- [What you are asked to do] An identical copy of the data below is needed.

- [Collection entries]
☆ ☆ ☆

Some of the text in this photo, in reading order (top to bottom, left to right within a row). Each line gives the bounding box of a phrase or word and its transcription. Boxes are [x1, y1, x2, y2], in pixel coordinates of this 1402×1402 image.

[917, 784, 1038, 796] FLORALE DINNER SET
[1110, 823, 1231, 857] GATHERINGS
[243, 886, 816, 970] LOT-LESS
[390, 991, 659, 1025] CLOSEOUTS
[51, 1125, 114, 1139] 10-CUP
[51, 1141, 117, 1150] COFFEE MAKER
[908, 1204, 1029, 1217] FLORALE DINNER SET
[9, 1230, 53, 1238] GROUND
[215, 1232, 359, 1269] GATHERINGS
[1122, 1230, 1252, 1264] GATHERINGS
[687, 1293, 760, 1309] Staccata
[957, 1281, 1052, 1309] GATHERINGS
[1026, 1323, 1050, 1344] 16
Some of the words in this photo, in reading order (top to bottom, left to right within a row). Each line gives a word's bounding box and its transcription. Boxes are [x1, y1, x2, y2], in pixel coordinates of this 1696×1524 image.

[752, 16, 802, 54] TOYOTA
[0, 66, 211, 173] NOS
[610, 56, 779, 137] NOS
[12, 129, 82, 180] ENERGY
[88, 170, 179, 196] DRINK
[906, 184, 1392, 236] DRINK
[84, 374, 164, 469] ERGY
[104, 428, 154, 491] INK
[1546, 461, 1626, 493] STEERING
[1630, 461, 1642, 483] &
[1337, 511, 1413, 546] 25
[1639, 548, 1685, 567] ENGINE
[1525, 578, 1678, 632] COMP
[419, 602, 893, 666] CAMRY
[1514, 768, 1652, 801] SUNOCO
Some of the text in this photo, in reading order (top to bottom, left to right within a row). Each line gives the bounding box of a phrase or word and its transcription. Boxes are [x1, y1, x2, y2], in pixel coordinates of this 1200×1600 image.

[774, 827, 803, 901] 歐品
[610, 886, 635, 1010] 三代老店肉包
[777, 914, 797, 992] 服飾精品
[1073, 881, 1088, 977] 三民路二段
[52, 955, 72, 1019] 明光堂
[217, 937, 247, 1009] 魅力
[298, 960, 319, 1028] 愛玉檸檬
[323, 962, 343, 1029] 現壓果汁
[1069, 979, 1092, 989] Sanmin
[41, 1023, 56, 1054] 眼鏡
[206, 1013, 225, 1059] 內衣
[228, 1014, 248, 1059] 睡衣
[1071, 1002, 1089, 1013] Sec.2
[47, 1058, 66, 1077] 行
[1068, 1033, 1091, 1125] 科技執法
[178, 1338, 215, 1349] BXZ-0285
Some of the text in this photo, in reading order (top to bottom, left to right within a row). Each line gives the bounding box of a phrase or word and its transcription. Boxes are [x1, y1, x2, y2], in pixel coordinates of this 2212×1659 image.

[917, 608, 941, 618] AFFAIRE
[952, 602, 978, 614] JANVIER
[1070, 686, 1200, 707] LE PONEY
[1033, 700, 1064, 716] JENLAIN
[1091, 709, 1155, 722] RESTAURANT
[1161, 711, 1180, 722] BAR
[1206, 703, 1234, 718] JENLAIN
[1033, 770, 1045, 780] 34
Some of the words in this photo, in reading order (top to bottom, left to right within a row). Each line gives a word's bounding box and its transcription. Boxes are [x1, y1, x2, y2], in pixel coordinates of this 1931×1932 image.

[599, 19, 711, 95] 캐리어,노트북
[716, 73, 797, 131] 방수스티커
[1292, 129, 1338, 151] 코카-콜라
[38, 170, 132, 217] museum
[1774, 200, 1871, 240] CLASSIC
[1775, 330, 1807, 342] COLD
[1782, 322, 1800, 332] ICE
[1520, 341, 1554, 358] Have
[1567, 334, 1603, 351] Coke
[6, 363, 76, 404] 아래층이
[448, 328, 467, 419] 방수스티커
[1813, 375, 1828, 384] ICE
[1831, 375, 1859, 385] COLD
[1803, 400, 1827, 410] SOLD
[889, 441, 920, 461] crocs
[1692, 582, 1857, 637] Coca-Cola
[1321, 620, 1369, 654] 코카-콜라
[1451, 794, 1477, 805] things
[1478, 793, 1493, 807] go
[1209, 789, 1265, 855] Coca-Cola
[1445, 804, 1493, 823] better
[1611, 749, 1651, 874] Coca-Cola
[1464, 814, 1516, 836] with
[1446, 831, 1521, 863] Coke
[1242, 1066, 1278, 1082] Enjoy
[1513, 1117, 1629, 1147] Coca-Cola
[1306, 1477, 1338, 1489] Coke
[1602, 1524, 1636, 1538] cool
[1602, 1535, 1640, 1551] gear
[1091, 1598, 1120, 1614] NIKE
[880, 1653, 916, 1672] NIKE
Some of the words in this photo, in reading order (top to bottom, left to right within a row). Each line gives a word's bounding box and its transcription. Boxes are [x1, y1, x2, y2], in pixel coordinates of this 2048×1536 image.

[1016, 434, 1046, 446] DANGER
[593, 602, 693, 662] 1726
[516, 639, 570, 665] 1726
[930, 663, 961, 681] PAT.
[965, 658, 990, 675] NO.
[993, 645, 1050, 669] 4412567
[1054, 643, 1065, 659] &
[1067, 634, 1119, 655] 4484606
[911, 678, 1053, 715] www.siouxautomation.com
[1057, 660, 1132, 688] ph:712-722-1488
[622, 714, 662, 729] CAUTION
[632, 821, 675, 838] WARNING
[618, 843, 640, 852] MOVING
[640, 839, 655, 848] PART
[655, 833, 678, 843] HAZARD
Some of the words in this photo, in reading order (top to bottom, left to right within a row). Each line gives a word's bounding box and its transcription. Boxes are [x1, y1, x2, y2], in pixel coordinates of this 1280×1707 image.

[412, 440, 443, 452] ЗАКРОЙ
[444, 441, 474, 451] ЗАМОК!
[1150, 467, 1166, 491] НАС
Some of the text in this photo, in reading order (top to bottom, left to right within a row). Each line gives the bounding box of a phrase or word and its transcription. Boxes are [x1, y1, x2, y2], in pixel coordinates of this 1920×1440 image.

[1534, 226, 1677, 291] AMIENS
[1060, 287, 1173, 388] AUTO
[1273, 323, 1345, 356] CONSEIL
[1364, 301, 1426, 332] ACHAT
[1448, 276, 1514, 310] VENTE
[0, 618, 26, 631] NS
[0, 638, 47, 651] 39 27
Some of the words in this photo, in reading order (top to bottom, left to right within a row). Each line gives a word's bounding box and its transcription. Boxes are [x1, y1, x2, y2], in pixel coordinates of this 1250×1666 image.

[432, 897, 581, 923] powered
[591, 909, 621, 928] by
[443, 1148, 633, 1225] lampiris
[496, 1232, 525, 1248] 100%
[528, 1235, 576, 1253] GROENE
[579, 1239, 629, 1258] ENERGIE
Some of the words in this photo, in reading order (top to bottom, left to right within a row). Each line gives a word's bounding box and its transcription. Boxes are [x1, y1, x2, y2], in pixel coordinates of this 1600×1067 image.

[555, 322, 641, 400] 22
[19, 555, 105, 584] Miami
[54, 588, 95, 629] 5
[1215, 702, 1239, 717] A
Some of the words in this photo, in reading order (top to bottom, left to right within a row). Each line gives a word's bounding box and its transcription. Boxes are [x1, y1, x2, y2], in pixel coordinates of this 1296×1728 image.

☆ ☆ ☆

- [Final answer]
Some of the text in this photo, in reading order (top to bottom, left to right within a row). Each line gives the bounding box of a phrase or word and its transcription. Boxes are [x1, y1, x2, y2], in pixel coordinates of this 1402×1402 image.

[917, 784, 1038, 796] FLORALE DINNER SET
[1110, 823, 1231, 857] GATHERINGS
[243, 886, 816, 970] LOT-LESS
[390, 991, 659, 1025] CLOSEOUTS
[51, 1125, 114, 1139] 10-CUP
[51, 1141, 117, 1150] COFFEE MAKER
[908, 1204, 1029, 1217] FLORALE DINNER SET
[9, 1230, 53, 1238] GROUND
[215, 1232, 359, 1269] GATHERINGS
[1122, 1230, 1252, 1264] GATHERINGS
[687, 1293, 760, 1309] Staccata
[957, 1281, 1052, 1309] GATHERINGS
[1026, 1323, 1050, 1344] 16
Some of the words in this photo, in reading order (top to bottom, left to right within a row). Each line gives a word's bounding box and its transcription. Boxes are [x1, y1, x2, y2], in pixel coordinates of this 1696×1524 image.

[752, 16, 802, 54] TOYOTA
[0, 66, 211, 173] NOS
[610, 56, 779, 137] NOS
[12, 129, 82, 180] ENERGY
[88, 170, 179, 196] DRINK
[906, 184, 1392, 236] DRINK
[84, 374, 164, 469] ERGY
[104, 428, 154, 491] INK
[1546, 461, 1626, 493] STEERING
[1630, 461, 1642, 483] &
[1337, 511, 1413, 546] 25
[1639, 548, 1685, 567] ENGINE
[1525, 578, 1678, 632] COMP
[419, 602, 893, 666] CAMRY
[1514, 768, 1652, 801] SUNOCO
Some of the text in this photo, in reading order (top to bottom, left to right within a row). Each line gives the bounding box of a phrase or word and its transcription. Boxes are [x1, y1, x2, y2], in pixel coordinates of this 1200×1600 image.

[774, 827, 803, 901] 歐品
[610, 886, 635, 1010] 三代老店肉包
[777, 914, 797, 992] 服飾精品
[1073, 881, 1088, 977] 三民路二段
[52, 955, 72, 1019] 明光堂
[217, 937, 247, 1009] 魅力
[298, 960, 319, 1028] 愛玉檸檬
[323, 962, 343, 1029] 現壓果汁
[1069, 979, 1092, 989] Sanmin
[41, 1023, 56, 1054] 眼鏡
[206, 1013, 225, 1059] 內衣
[228, 1014, 248, 1059] 睡衣
[1071, 1002, 1089, 1013] Sec.2
[47, 1058, 66, 1077] 行
[1068, 1033, 1091, 1125] 科技執法
[178, 1338, 215, 1349] BXZ-0285
Some of the text in this photo, in reading order (top to bottom, left to right within a row). Each line gives the bounding box of a phrase or word and its transcription. Boxes are [x1, y1, x2, y2], in pixel coordinates of this 2212×1659 image.

[917, 608, 941, 618] AFFAIRE
[952, 602, 978, 614] JANVIER
[1070, 686, 1200, 707] LE PONEY
[1033, 700, 1064, 716] JENLAIN
[1091, 709, 1155, 722] RESTAURANT
[1161, 711, 1180, 722] BAR
[1206, 703, 1234, 718] JENLAIN
[1033, 770, 1045, 780] 34
Some of the words in this photo, in reading order (top to bottom, left to right within a row). Each line gives a word's bounding box and its transcription. Boxes are [x1, y1, x2, y2], in pixel coordinates of this 1931×1932 image.

[599, 19, 711, 95] 캐리어,노트북
[716, 73, 797, 131] 방수스티커
[1292, 129, 1338, 151] 코카-콜라
[38, 170, 132, 217] museum
[1774, 200, 1871, 240] CLASSIC
[1775, 330, 1807, 342] COLD
[1782, 322, 1800, 332] ICE
[1520, 341, 1554, 358] Have
[1567, 334, 1603, 351] Coke
[6, 363, 76, 404] 아래층이
[448, 328, 467, 419] 방수스티커
[1813, 375, 1828, 384] ICE
[1831, 375, 1859, 385] COLD
[1803, 400, 1827, 410] SOLD
[889, 441, 920, 461] crocs
[1692, 582, 1857, 637] Coca-Cola
[1321, 620, 1369, 654] 코카-콜라
[1451, 794, 1477, 805] things
[1478, 793, 1493, 807] go
[1209, 789, 1265, 855] Coca-Cola
[1445, 804, 1493, 823] better
[1611, 749, 1651, 874] Coca-Cola
[1464, 814, 1516, 836] with
[1446, 831, 1521, 863] Coke
[1242, 1066, 1278, 1082] Enjoy
[1513, 1117, 1629, 1147] Coca-Cola
[1306, 1477, 1338, 1489] Coke
[1602, 1524, 1636, 1538] cool
[1602, 1535, 1640, 1551] gear
[1091, 1598, 1120, 1614] NIKE
[880, 1653, 916, 1672] NIKE
Some of the words in this photo, in reading order (top to bottom, left to right within a row). Each line gives a word's bounding box and its transcription. Boxes are [x1, y1, x2, y2], in pixel coordinates of this 2048×1536 image.

[1016, 434, 1046, 446] DANGER
[593, 602, 693, 662] 1726
[516, 639, 570, 665] 1726
[930, 663, 961, 681] PAT.
[965, 658, 990, 675] NO.
[993, 645, 1050, 669] 4412567
[1054, 643, 1065, 659] &
[1067, 634, 1119, 655] 4484606
[911, 678, 1053, 715] www.siouxautomation.com
[1057, 660, 1132, 688] ph:712-722-1488
[622, 714, 662, 729] CAUTION
[632, 821, 675, 838] WARNING
[618, 843, 640, 852] MOVING
[640, 839, 655, 848] PART
[655, 833, 678, 843] HAZARD
Some of the words in this photo, in reading order (top to bottom, left to right within a row). Each line gives a word's bounding box and its transcription. Boxes are [x1, y1, x2, y2], in pixel coordinates of this 1280×1707 image.

[412, 440, 443, 452] ЗАКРОЙ
[444, 441, 474, 451] ЗАМОК!
[1150, 467, 1166, 491] НАС
Some of the text in this photo, in reading order (top to bottom, left to right within a row). Each line gives the bounding box of a phrase or word and its transcription. Boxes are [x1, y1, x2, y2], in pixel coordinates of this 1920×1440 image.

[1534, 226, 1677, 291] AMIENS
[1060, 287, 1173, 388] AUTO
[1273, 323, 1345, 356] CONSEIL
[1364, 301, 1426, 332] ACHAT
[1448, 276, 1514, 310] VENTE
[0, 618, 26, 631] NS
[0, 638, 47, 651] 39 27
Some of the words in this photo, in reading order (top to bottom, left to right within a row). Each line gives a word's bounding box and its transcription. Boxes are [x1, y1, x2, y2], in pixel coordinates of this 1250×1666 image.

[432, 897, 581, 923] powered
[591, 909, 621, 928] by
[443, 1148, 633, 1225] lampiris
[496, 1232, 525, 1248] 100%
[528, 1235, 576, 1253] GROENE
[579, 1239, 629, 1258] ENERGIE
Some of the words in this photo, in reading order (top to bottom, left to right within a row). Each line gives a word's bounding box and its transcription. Boxes are [x1, y1, x2, y2], in pixel coordinates of this 1600×1067 image.

[555, 322, 641, 400] 22
[19, 555, 105, 584] Miami
[54, 588, 95, 629] 5
[1215, 702, 1239, 717] A
Some of the words in this photo, in reading order (top to bottom, left to right within a row). Each line gives a word's bounding box and its transcription. Boxes are [x1, y1, x2, y2], in pixel coordinates of this 1296×1728 image.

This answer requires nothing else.